April 17, 2007
The staff of the Committee on Open Government is authorized to issue advisory opinions. The ensuing staff advisory opinion is based solely upon the facts presented in your correspondence.
We are in receipt of your request for an advisory opinion concerning application of the Freedom of Information Law to requests made to the Mattituck Park District for copies of voter sign in sheets from a November 16, 2006 election. While we are not experts on the subject of park districts, it appears that the information you have requested must be disclosed. In this regard, we offer the following comments.
First, park districts are creations of towns and defined specifically in §1471 of the Unconsolidated Laws. They are unique entities, separate from the towns in which they are located, and governed by a board of park commissioners which “shall have entire charge, control and management of the establishment, maintenance, operation and improvement” of the park district (see §1486). It is our understanding that park districts, like the towns in which they are located, are subject to the provisions of the Election Law. The following analysis is based on this assumption.
We note initially that the voter list maintained and published by a county board of elections is based on “actual voting” by citizens; if a person fails to vote within a certain number of years, his or her name is removed from the list.
Next, the reasons for which a request is made and an applicant's potential use of records are generally irrelevant, and it has been held that if records are accessible, they should be made equally available to any person, without regard to status or interest [see e.g., M. Farbman & Sons v. New York City, 62 NYS 2d 75 (1984) and Burke v. Yudelson, 368 NYS 2d 779, aff'd 51 AD 2d 673, 378 NYS 2d 165 (1976)]. However, §89(2)(b)(iii) of the Freedom of Information Law permits an agency to withhold "lists of names and addresses if such list would be used for commercial or fund-raising purposes" on the ground that disclosure would constitute an unwarranted invasion of personal privacy. Due to the language of that provision, the intended use of a list of names and addresses may be relevant, and case law indicates that an agency can ask that an applicant certify that the list would not be used for commercial purposes as a condition precedent to disclosure [see Golbert v. Suffolk County Department of Consumer Affairs, Sup. Ct., Suffolk Cty., (September 5, 1980); also, Siegel Fenchel and Peddy v. Central Pine Barrens Joint Planning and Policy Commission, Sup. Cty., Suffolk Cty., NYLJ, October 16, 1996].
Nevertheless, §89(6) of the Freedom of Information Law states that:
"Nothing in this article shall be construed to limit or abridge any otherwise available right of access at law or in equity to any party to records."

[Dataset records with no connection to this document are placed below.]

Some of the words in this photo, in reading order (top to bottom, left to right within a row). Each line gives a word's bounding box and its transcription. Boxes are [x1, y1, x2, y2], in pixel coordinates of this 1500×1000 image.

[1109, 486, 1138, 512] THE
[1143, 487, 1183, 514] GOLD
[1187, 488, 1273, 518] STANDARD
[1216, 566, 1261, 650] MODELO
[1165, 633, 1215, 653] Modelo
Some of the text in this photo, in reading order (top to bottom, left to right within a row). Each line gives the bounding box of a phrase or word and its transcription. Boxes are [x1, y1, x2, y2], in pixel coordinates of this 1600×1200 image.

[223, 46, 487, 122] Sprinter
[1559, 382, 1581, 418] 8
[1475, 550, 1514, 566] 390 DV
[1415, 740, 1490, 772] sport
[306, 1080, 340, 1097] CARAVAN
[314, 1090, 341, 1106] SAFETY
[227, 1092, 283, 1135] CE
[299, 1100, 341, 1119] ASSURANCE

As such, if records are available as a right under a different provision of law or by means of judicial determination, nothing in the Freedom of Information Law can serve to diminish rights of access [see e.g., Szikszay v. Buelow, 436 NYS 2d 558, 583 (1981)].
Relevant in this instance is §5-602 of the Election Law, entitled "Lists of registered voters; publication of", which states that voter registration lists are public. Specifically, subdivision (1) of that statute provides in part that a "board of elections shall cause to be published a complete list of names and residence addresses of the registered voters for each election district over which the board has jurisdiction"; subdivision (2) states that "The board of elections shall cause a list to be published for each election district over which it has jurisdiction"; subdivision (3) requires that at least fifty copies of such lists shall be prepared, that at least five copies be kept "for public inspection at each main office or branch of the board", and that "other copies shall be sold at a charge not exceeding the cost of publication." As such, §5-602 of the Election Law directs that lists of registered voters be prepared, made available for inspection, and that copies shall be sold. There is no language in that statute that imposes restrictions upon access in conjunction with the purpose for which a list is sought or its intended use.

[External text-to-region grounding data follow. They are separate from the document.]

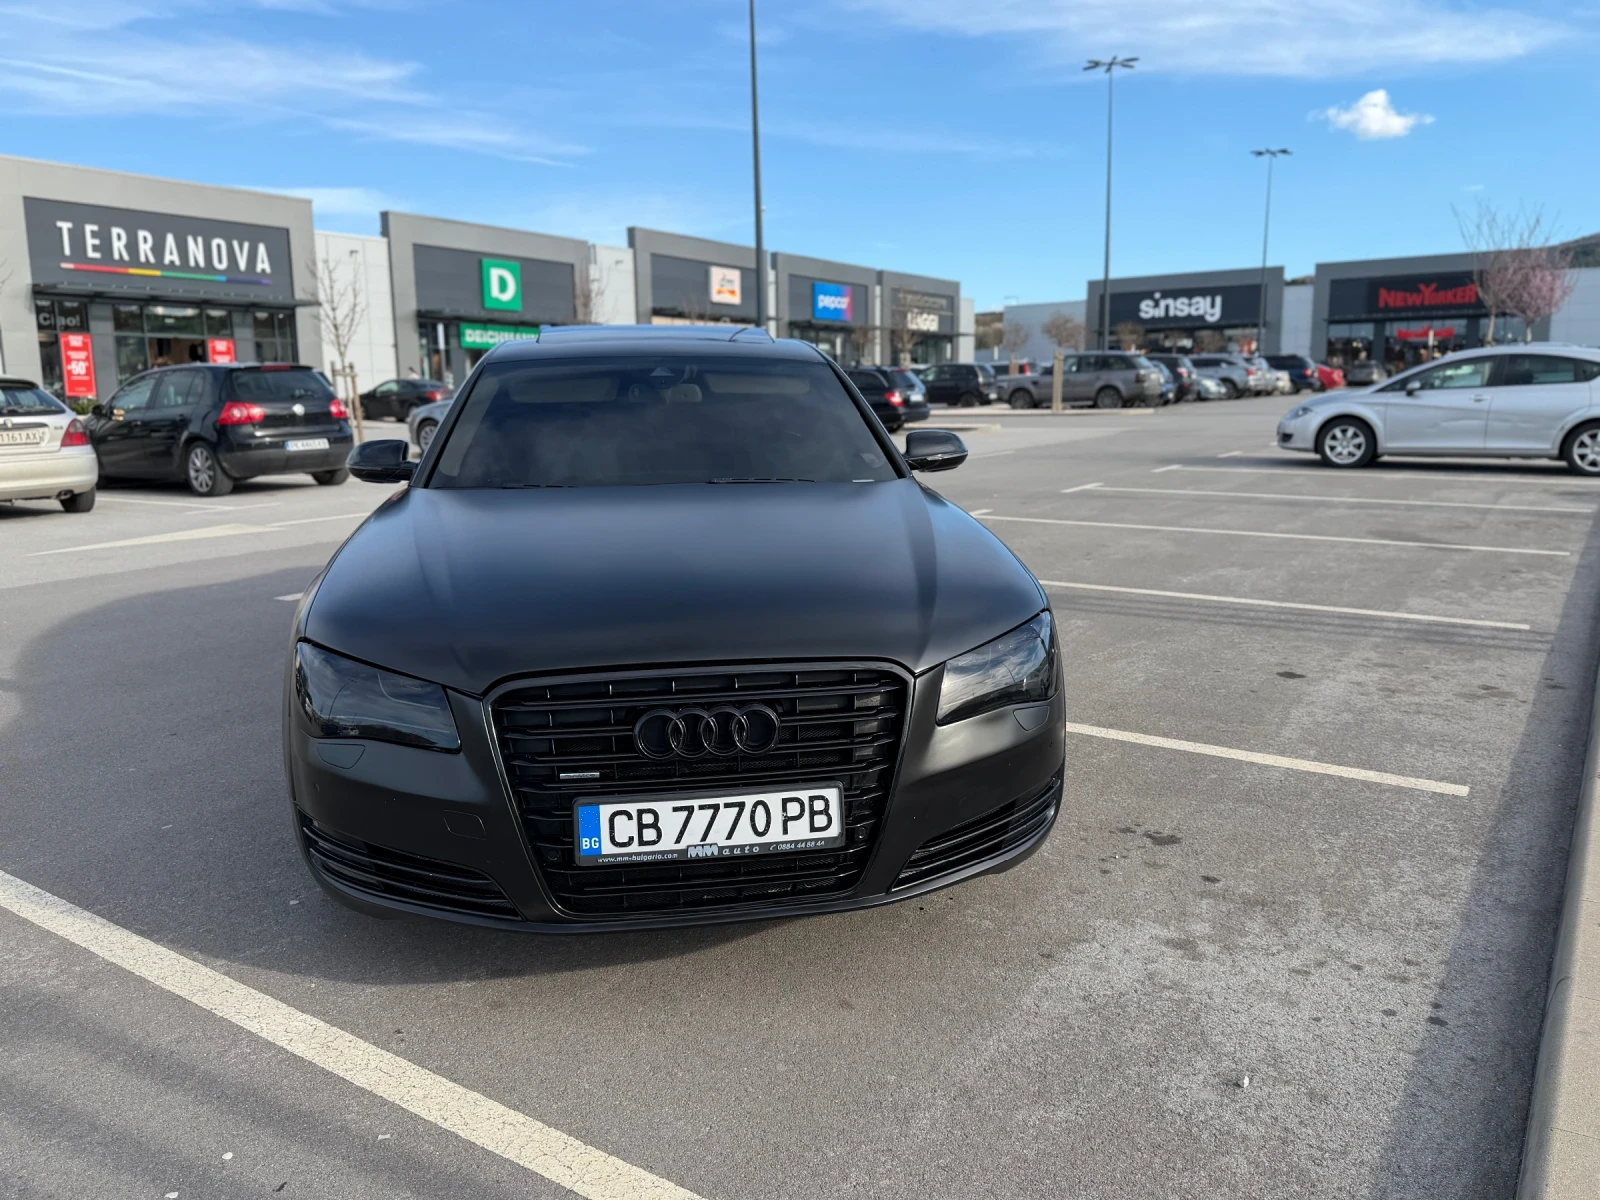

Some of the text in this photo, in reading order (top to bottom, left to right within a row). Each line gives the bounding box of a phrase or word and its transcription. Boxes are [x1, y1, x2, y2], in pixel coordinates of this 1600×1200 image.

[56, 220, 272, 274] TERRANOVA
[489, 267, 517, 302] D
[1138, 291, 1222, 323] sinsay
[608, 794, 833, 848] CB 7770 PB
[582, 837, 600, 850] BG
[722, 845, 760, 856] auto

Since §5-602 of the Election Law confers unrestricted public rights of access to voter registration lists, in our opinion, nothing in the Freedom of Information Law could be cited to restrict those rights. Further, as a general matter, we believe that a statute pertaining to a specific subject prevails over a statute pertaining to a general subject. A statute in the Election Law that pertains to particular records would in our view supersede a statute pertaining to records generally, such as the Freedom of Information Law.
The provisions of the Election Law cited above pertain to voter registration lists prepared and maintained by county boards of elections. However, the information at issue would be available to any person, irrespective of the intended use, from a county board. That being so, and in consideration of the direction provided in the Election Law, we do not believe that there is any basis for withholding the list of those who voted in the Mattituck Park District, regardless of the intended use of the list.
On behalf of the Committee on Open Government, we hope this is helpful to you.